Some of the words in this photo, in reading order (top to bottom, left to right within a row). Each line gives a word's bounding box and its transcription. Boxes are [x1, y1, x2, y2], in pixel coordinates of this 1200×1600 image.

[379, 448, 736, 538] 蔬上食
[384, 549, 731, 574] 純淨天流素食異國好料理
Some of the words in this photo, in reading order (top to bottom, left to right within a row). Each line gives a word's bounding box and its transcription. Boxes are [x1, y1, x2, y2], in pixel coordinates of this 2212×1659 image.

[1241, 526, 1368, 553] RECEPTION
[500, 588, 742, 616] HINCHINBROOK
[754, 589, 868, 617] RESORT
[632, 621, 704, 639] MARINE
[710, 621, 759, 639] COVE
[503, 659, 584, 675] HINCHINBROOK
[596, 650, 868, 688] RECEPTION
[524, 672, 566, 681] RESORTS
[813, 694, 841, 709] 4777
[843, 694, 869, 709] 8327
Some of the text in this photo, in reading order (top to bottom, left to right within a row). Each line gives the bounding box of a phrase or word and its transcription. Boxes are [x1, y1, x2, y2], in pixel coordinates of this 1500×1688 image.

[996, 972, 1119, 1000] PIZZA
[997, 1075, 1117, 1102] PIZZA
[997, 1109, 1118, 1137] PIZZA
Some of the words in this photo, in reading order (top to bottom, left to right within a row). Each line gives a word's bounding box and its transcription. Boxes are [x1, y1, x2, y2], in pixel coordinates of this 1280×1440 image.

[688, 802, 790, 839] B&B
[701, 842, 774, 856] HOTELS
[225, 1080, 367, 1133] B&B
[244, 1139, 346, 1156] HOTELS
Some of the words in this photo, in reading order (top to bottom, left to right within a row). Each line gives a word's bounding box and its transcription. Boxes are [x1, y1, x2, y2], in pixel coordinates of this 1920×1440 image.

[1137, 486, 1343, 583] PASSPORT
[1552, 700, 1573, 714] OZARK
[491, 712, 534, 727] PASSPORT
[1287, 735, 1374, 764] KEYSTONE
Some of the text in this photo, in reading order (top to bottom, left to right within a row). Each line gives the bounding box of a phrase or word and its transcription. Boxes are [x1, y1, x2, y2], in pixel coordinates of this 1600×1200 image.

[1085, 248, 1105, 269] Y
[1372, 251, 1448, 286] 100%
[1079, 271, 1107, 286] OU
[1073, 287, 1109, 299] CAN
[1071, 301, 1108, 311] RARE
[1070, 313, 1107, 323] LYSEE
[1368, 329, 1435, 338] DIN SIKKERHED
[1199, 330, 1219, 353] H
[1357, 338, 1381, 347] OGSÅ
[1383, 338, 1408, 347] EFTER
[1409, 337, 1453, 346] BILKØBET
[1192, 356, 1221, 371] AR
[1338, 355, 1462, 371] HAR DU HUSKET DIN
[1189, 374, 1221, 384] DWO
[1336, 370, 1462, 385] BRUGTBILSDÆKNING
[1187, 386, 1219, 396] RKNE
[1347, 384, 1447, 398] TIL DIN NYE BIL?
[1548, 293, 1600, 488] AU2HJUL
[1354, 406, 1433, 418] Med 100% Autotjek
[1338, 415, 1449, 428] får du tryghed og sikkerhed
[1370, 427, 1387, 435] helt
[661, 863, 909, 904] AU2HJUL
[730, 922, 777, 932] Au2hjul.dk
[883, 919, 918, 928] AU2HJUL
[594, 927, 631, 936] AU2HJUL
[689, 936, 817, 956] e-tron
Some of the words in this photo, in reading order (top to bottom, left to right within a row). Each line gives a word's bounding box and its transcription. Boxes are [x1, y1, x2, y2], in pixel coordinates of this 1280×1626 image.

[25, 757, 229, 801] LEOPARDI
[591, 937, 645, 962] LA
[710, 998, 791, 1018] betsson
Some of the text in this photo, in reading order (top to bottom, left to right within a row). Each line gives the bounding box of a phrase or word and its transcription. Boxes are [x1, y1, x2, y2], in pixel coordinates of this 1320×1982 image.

=====

Description of the task:
Please set down all of the records exactly.

Answer box:
Some of the words in this photo, in reading order (top to bottom, left to right within a row). Each line gives a word's bounding box and its transcription. Boxes are [x1, y1, x2, y2], in pixel coordinates of this 1200×1600 image.

[379, 448, 736, 538] 蔬上食
[384, 549, 731, 574] 純淨天流素食異國好料理
Some of the words in this photo, in reading order (top to bottom, left to right within a row). Each line gives a word's bounding box and its transcription. Boxes are [x1, y1, x2, y2], in pixel coordinates of this 2212×1659 image.

[1241, 526, 1368, 553] RECEPTION
[500, 588, 742, 616] HINCHINBROOK
[754, 589, 868, 617] RESORT
[632, 621, 704, 639] MARINE
[710, 621, 759, 639] COVE
[503, 659, 584, 675] HINCHINBROOK
[596, 650, 868, 688] RECEPTION
[524, 672, 566, 681] RESORTS
[813, 694, 841, 709] 4777
[843, 694, 869, 709] 8327
Some of the text in this photo, in reading order (top to bottom, left to right within a row). Each line gives the bounding box of a phrase or word and its transcription. Boxes are [x1, y1, x2, y2], in pixel coordinates of this 1500×1688 image.

[996, 972, 1119, 1000] PIZZA
[997, 1075, 1117, 1102] PIZZA
[997, 1109, 1118, 1137] PIZZA
Some of the words in this photo, in reading order (top to bottom, left to right within a row). Each line gives a word's bounding box and its transcription. Boxes are [x1, y1, x2, y2], in pixel coordinates of this 1280×1440 image.

[688, 802, 790, 839] B&B
[701, 842, 774, 856] HOTELS
[225, 1080, 367, 1133] B&B
[244, 1139, 346, 1156] HOTELS
Some of the words in this photo, in reading order (top to bottom, left to right within a row). Each line gives a word's bounding box and its transcription. Boxes are [x1, y1, x2, y2], in pixel coordinates of this 1920×1440 image.

[1137, 486, 1343, 583] PASSPORT
[1552, 700, 1573, 714] OZARK
[491, 712, 534, 727] PASSPORT
[1287, 735, 1374, 764] KEYSTONE
Some of the text in this photo, in reading order (top to bottom, left to right within a row). Each line gives the bounding box of a phrase or word and its transcription. Boxes are [x1, y1, x2, y2], in pixel coordinates of this 1600×1200 image.

[1085, 248, 1105, 269] Y
[1372, 251, 1448, 286] 100%
[1079, 271, 1107, 286] OU
[1073, 287, 1109, 299] CAN
[1071, 301, 1108, 311] RARE
[1070, 313, 1107, 323] LYSEE
[1368, 329, 1435, 338] DIN SIKKERHED
[1199, 330, 1219, 353] H
[1357, 338, 1381, 347] OGSÅ
[1383, 338, 1408, 347] EFTER
[1409, 337, 1453, 346] BILKØBET
[1192, 356, 1221, 371] AR
[1338, 355, 1462, 371] HAR DU HUSKET DIN
[1189, 374, 1221, 384] DWO
[1336, 370, 1462, 385] BRUGTBILSDÆKNING
[1187, 386, 1219, 396] RKNE
[1347, 384, 1447, 398] TIL DIN NYE BIL?
[1548, 293, 1600, 488] AU2HJUL
[1354, 406, 1433, 418] Med 100% Autotjek
[1338, 415, 1449, 428] får du tryghed og sikkerhed
[1370, 427, 1387, 435] helt
[661, 863, 909, 904] AU2HJUL
[730, 922, 777, 932] Au2hjul.dk
[883, 919, 918, 928] AU2HJUL
[594, 927, 631, 936] AU2HJUL
[689, 936, 817, 956] e-tron
Some of the words in this photo, in reading order (top to bottom, left to right within a row). Each line gives a word's bounding box and its transcription. Boxes are [x1, y1, x2, y2], in pixel coordinates of this 1280×1626 image.

[25, 757, 229, 801] LEOPARDI
[591, 937, 645, 962] LA
[710, 998, 791, 1018] betsson
Some of the text in this photo, in reading order (top to bottom, left to right within a row). Each line gives the bounding box of a phrase or word and its transcription. Boxes are [x1, y1, x2, y2], in pixel coordinates of this 1320×1982 image.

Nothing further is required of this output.